Scottish referendum: Dreams vs. realities
Since the end of the Cold War, the number of sovereign states in the international system has increased, and state borders have changed significantly. The end of the bloc system following the dissolution of the USSR, with accompanying nationalism, triggered violent conflict around the world during the 1990s, leading to the creation of newly independent states. Most of these states were perceived as natural outcomes of the world system’s evolution. Some had hoped that, after the 1990s, the predilection for the division of states would slow down, if not stop for good.
However, seeking independence or at least gaining autonomy is still high on the agenda of various players around the world. East Timor, Montenegro, Serbia, Kosovo and South Sudan are among the states that have declared independence and been recognized in the 21st century. All of them, except Kosovo, have become members of the United Nations, which augments global recognition. On the other hand, recent declarations of independence from Abkhazians and South Ossetians have not been recognized globally, next to many other earlier unilateral declarations.

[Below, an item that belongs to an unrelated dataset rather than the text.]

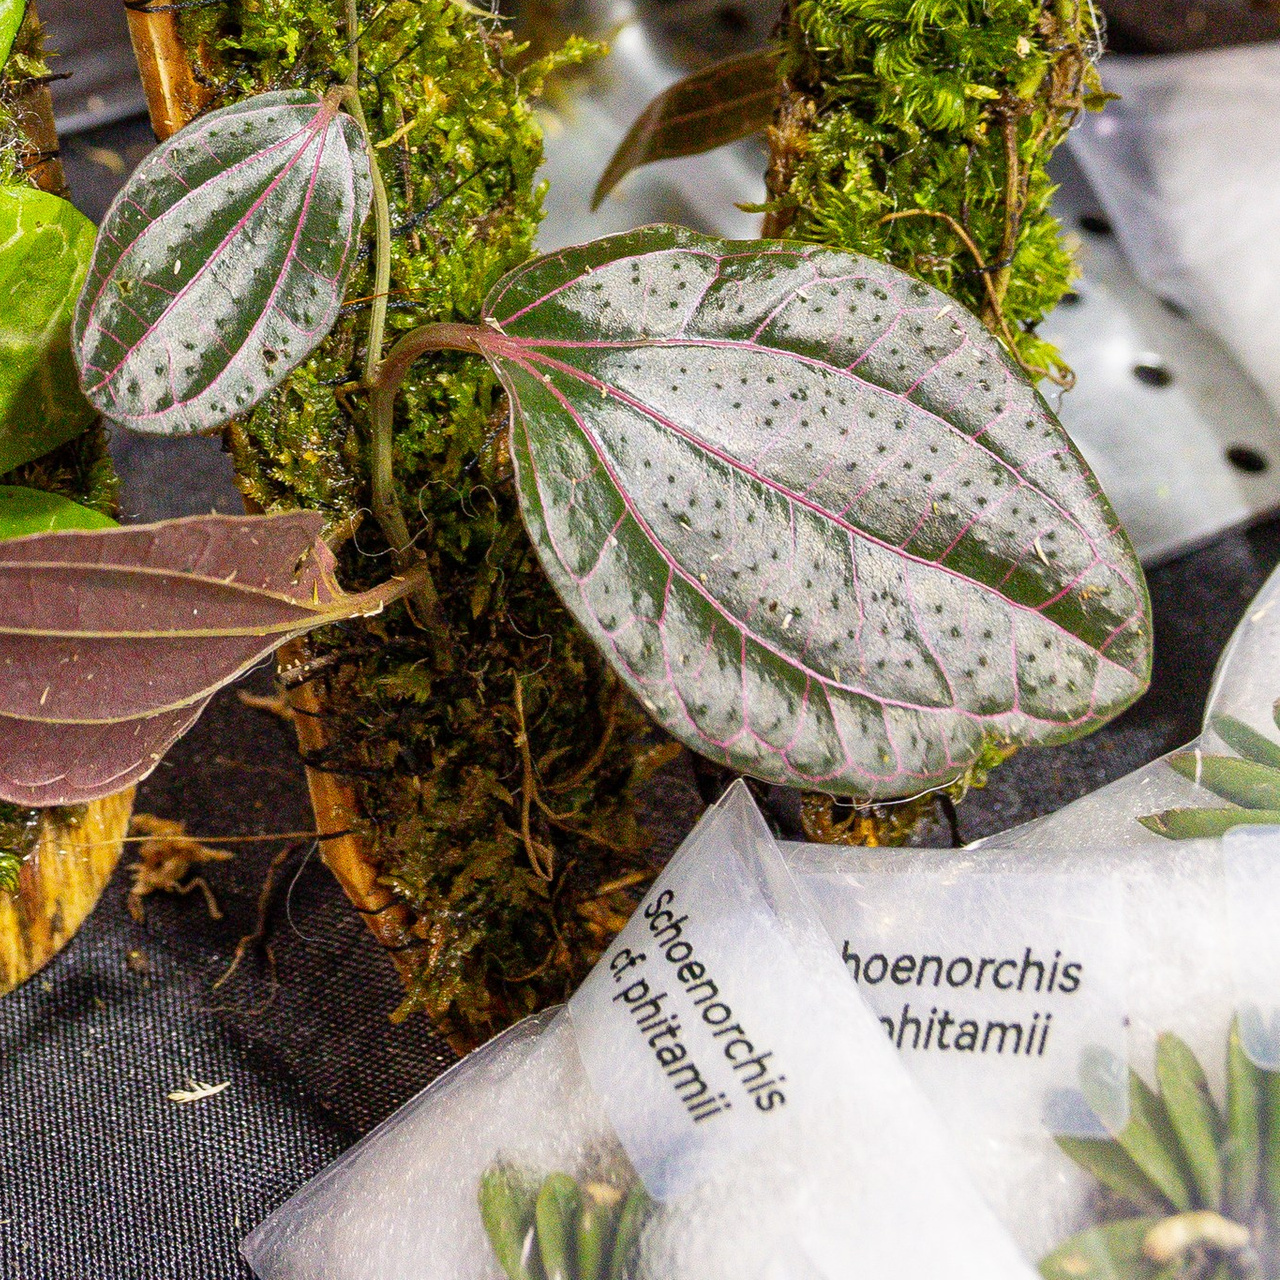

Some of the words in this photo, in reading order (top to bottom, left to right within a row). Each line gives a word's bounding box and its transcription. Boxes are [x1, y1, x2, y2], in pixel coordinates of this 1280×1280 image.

There are also several autonomous areas with varying degrees of autonomy within existing states, and many states are facing the threat of secessionist movements. The most popular ones in Europe are the Catalans and Basques in Spain, the Corsicans in France, the South Tyroleans in Italy and the Flemish in Belgium. There are many more in other parts of the world.
A landmark referendum for independence, with a voting turnout of 86 percent, took place in Scotland, the United Kingdom, on Sept. 18. Residents of Scotland voted to remain part of the U.K. with 55 percent of the vote, while 45 percent favored independence. Thus the continuation of a 307-year-old union was ensured, for now. Even though the results could be considered a success for the U.K. Prime Minister David Cameron, who narrowly escaped being known as “the prime minister who lost Scotland,” the vote will have serious impacts on the political future of the U.K.
The Scots had earlier gained various privileges in a 1997 referendum and formed their own parliament in 1999. Yet these were not enough; especially the ongoing economic problems and political differences between the capital and the rest of the country triggered independence demands among Scots. In the end, it seems that in the Scottish case, the reality on the ground has outweighed the dreams of independence. Despite a source of income in the extensive oil reserves in the North Sea, Scots face several difficult choices regarding security, finance, currency, recognition, and EU/NATO membership. As a result, Scotts took a step back from the uncertainties of independence.
Yet, the closeness of the result was a clear signal to political leaders that maintaining the status quo is no longer an option for the U.K. Recognizing this, both the government and the opposition party have already promised further devolution not only for Scotland, but also for Wales and Northern Ireland. Thus, devolution of power and closing the political and economic gap among cities and regions will be the main challenge in the U.K. for the foreseeable future, and a game-changer in the upcoming national elections of 2015.
Clearly, the referendum in Scotland will not be the last effort for seeking sovereignty in Europe. Many ethnic groups and peoples in Europe followed the process carefully, learning lessons applicable to their own fears and aspirations. Scottish nationalists may have failed to reach their immediate goal, independence, but they have energized other separatists across Europe. The most visible of these are Catalans in Spain, who, despite opposition from Madrid, will stage a referendum for independence in November. We must wait and see who will follow them.